[Image-backed grounding data]
┌────────
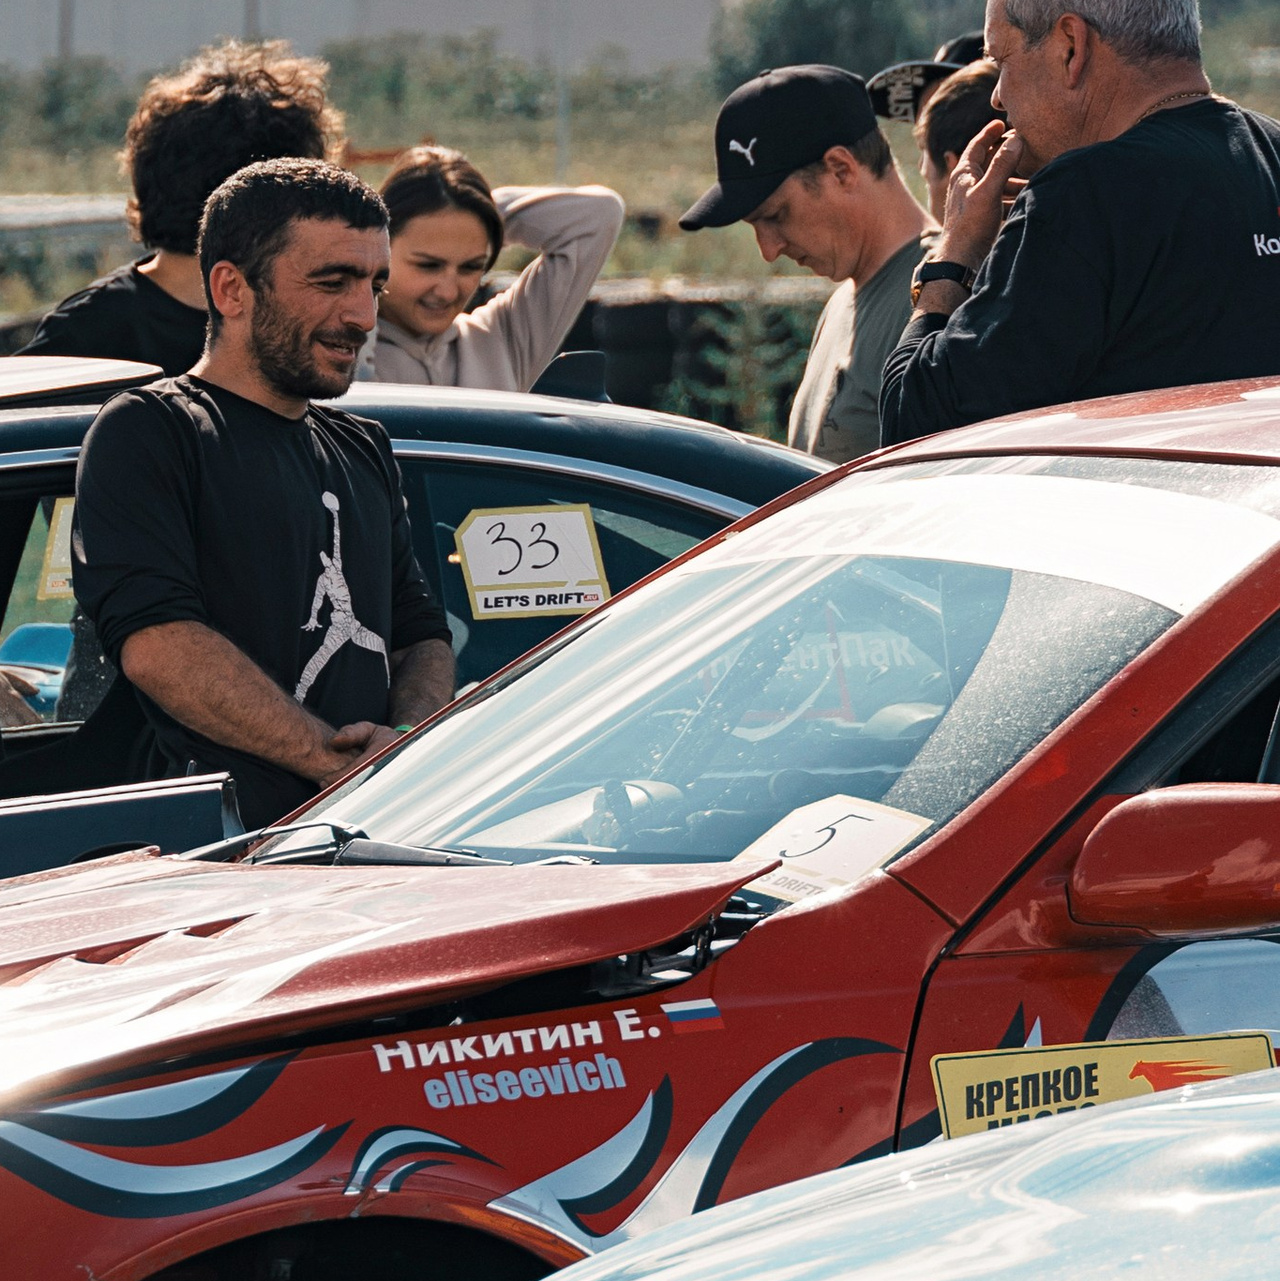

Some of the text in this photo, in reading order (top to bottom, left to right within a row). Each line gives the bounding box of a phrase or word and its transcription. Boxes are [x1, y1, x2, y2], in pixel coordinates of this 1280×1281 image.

[1253, 233, 1280, 256] Ко
[486, 522, 559, 576] 33
[483, 594, 530, 609] LET'S
[779, 814, 874, 858] 5
[771, 876, 824, 896] DRIFT
[423, 1053, 626, 1109] eliseevich
[965, 1062, 1099, 1120] КРЕПКОЕ
└────────
Please output the records above exactly, without the pictures.

• **Task output**:
Some of the text in this photo, in reading order (top to bottom, left to right within a row). Each line gives the bounding box of a phrase or word and its transcription. Boxes are [x1, y1, x2, y2], in pixel coordinates of this 1280×1281 image.

[1253, 233, 1280, 256] Ко
[486, 522, 559, 576] 33
[483, 594, 530, 609] LET'S
[779, 814, 874, 858] 5
[771, 876, 824, 896] DRIFT
[423, 1053, 626, 1109] eliseevich
[965, 1062, 1099, 1120] КРЕПКОЕ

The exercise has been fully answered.